- Born: 1979
- Died: February 26, 2013 (aged 33) Atlanta, Georgia
- Cause of death: Leukemia
- Education: Howard University
- Occupation: Journalist
- Employer: The Wall Street Journal

= Maya Jackson Randall =

Maya Jackson Randall (1979 – February 26, 2013) was an American news reporter for The Wall Street Journal (WSJ). She had also written or edited for Money Magazine, McGraw-Hill and Dow Jones Newswires. Jackson Randall died of leukemia at the age of 33.

==Career==
Jackson Randall was the daughter of Harold Jackson, who had been the director of the Southern Regional Press Institute at Savannah State University. She attended Lakeside High School in DeKalb County, Georgia, and she graduated from Howard University in 2000. While in a graduate program at the University of Maryland, she interned at WSJ. Jackson wrote for Money Magazine in New York after graduate school. She then moved to McGraw-Hill in Washington, D.C., as an associate editor. She worked for Dow Jones Newswires before returning to WSJ as a consumer-finance reporter.

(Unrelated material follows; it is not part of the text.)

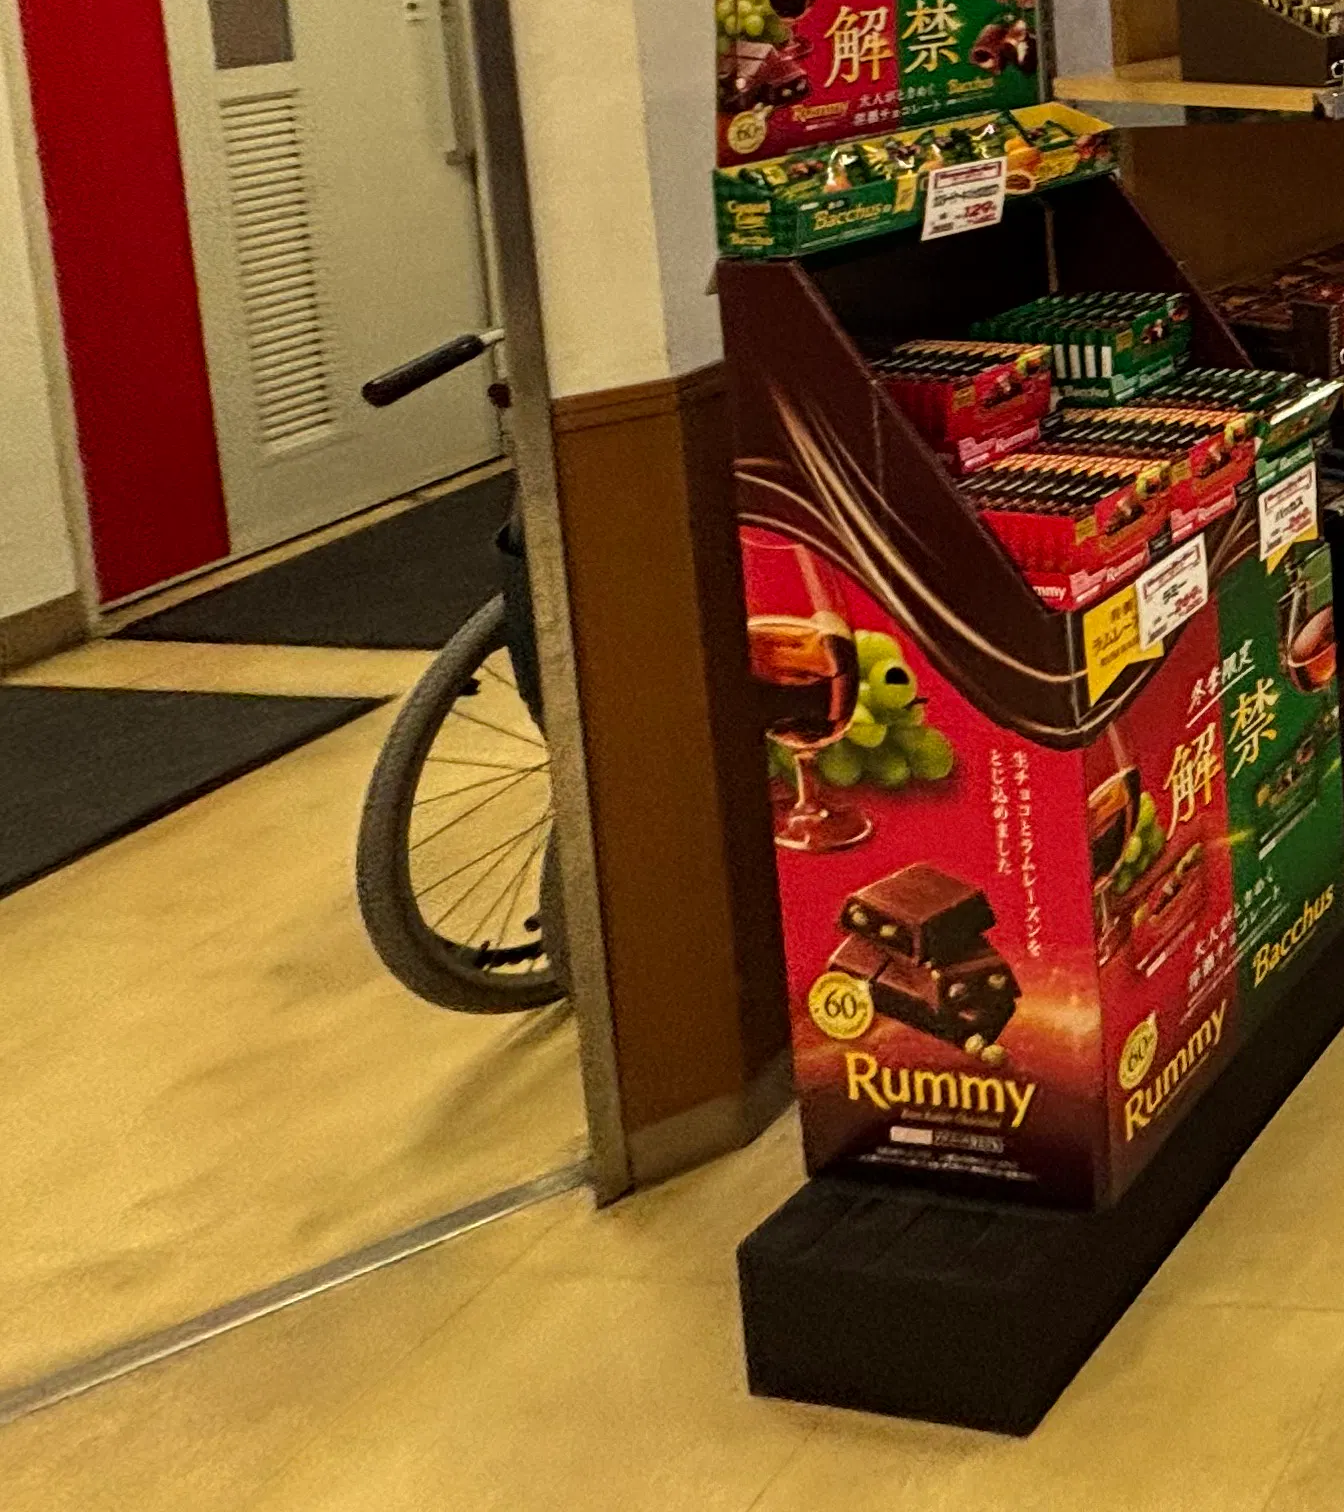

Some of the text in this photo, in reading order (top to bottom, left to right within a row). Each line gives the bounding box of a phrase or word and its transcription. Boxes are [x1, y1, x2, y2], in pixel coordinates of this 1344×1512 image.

Much of Jackson Randall's work involved coverage of the United States financial crisis. After she wrote several pieces on the Troubled Asset Relief Program, the US Treasury was made to reveal how the program's funds were being spent. Near the end of 2011, she also reported on Barack Obama's attempts to make recess appointments, a subject that ended up before the U.S. Supreme Court.

==Illness and death==
Jackson Randall was diagnosed with leukemia in 2009. She underwent treatment and went into remission, but she experienced a relapse in 2012. Jackson Randall continued to work and write during her initial illness and her relapse. She died on February 26, 2013, in Atlanta, Georgia, where she had been receiving medical care. She was survived by her husband Jeremy and by her son Jeremiah, who was born in 2007.